Sulfated poly(aspartic acid) coatings as next-generation biomimetic interfaces for blood-contacting devices.

The increasing reliance on blood-contacting medical devices underscores the need for materials that minimise thrombosis and inflammation. Devices such as stents and dialysis membranes often face complications related to clot formation and microbial colonisation. To address these challenges, this study explored the development of sulfated poly(aspartic acid) (sPASP) coatings aimed at improving haemocompatibility and reducing infection risk. PASP, a biodegradable, biocompatible polymer, and calcium chelator, served as the base material, with sulfation introduced to enhance its antithrombotic, antibacterial, and anti-inflammatory properties. Sulfate groups mimic natural anticoagulants such as heparin, potentially promoting antithrombin activity and inhibiting clot development. The coatings were fabricated via a simplified one-pot process on polydopamine-modified substrates. The degree of sulfation was systematically varied from 10% to 80% to optimise the material's performance and thoroughly evaluated across multiple dimensions of blood compatibility.
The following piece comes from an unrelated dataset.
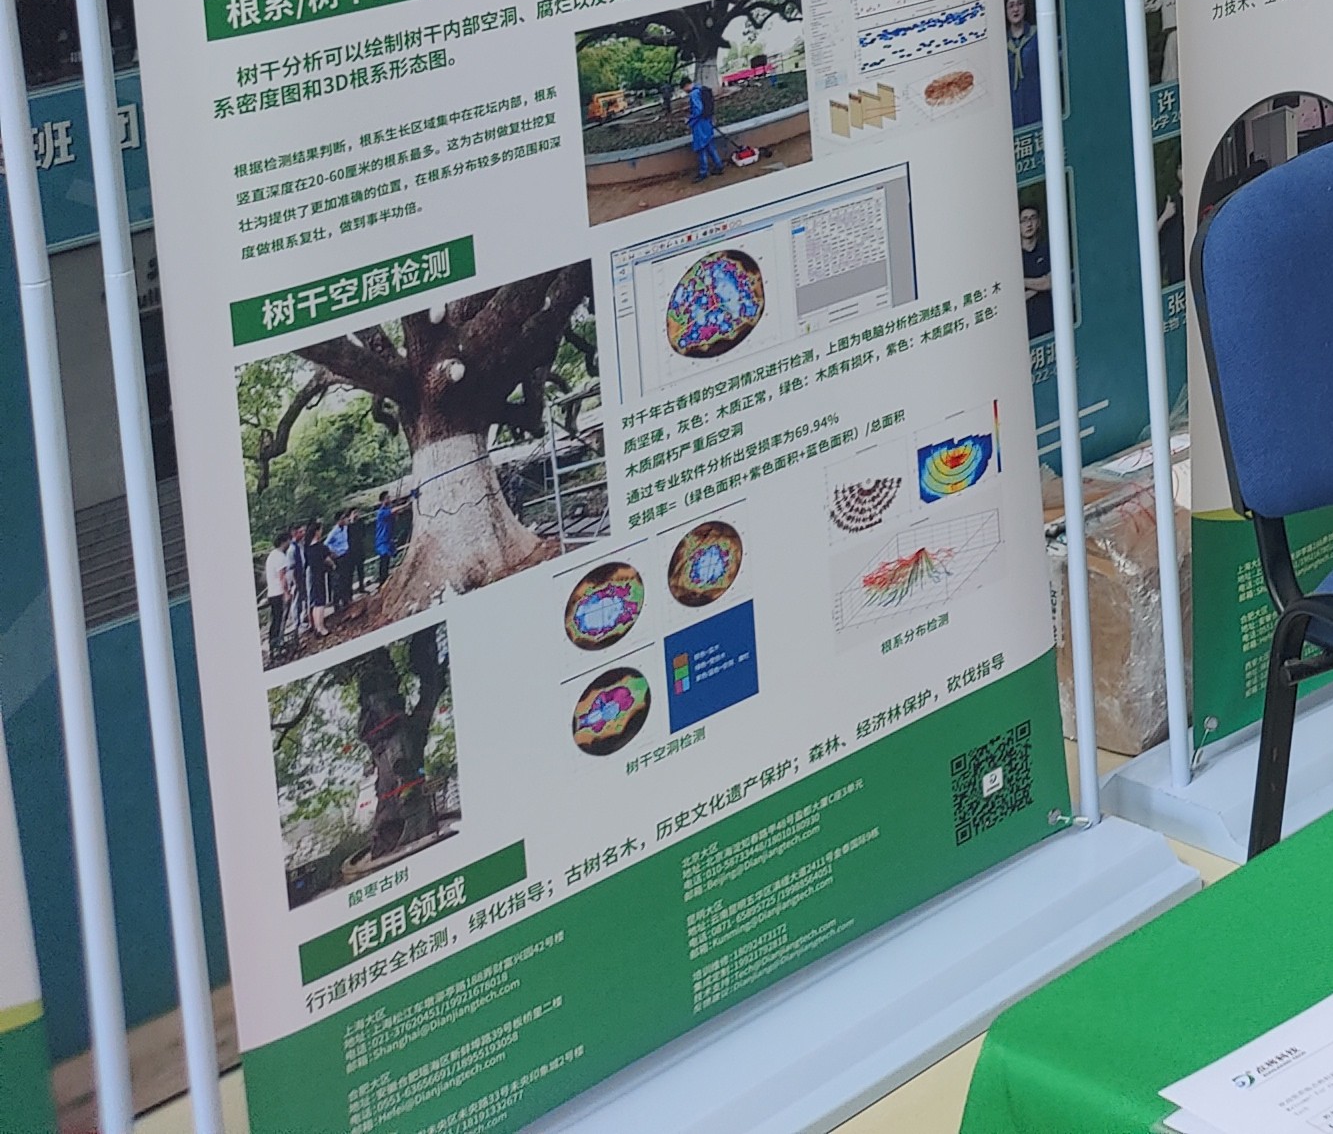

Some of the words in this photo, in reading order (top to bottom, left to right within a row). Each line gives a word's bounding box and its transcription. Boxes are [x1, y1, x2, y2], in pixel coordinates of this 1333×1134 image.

[213, 48, 456, 120] 系密度图和3D根系形态图。
[261, 247, 451, 331] 树干空腐检测
[347, 875, 469, 958] 使用领域
Assessments included surface physicochemical properties, protein adsorption, platelet adhesion, antithrombotic efficacy, cellular compatibility, and antibacterial activity, under static and dynamic conditions. Notably, sPASP with a sulfation degree of 40% exhibited the most favourable blood compatibility, demonstrating strong potential compared to heparin-mimicking polysaccharide coatings. In addition, the material exhibited excellent in vivo biocompatibility in implantation models, further underscoring its promise as a high-performance, multifunctional biomimetic interface for blood-contacting biomedical applications.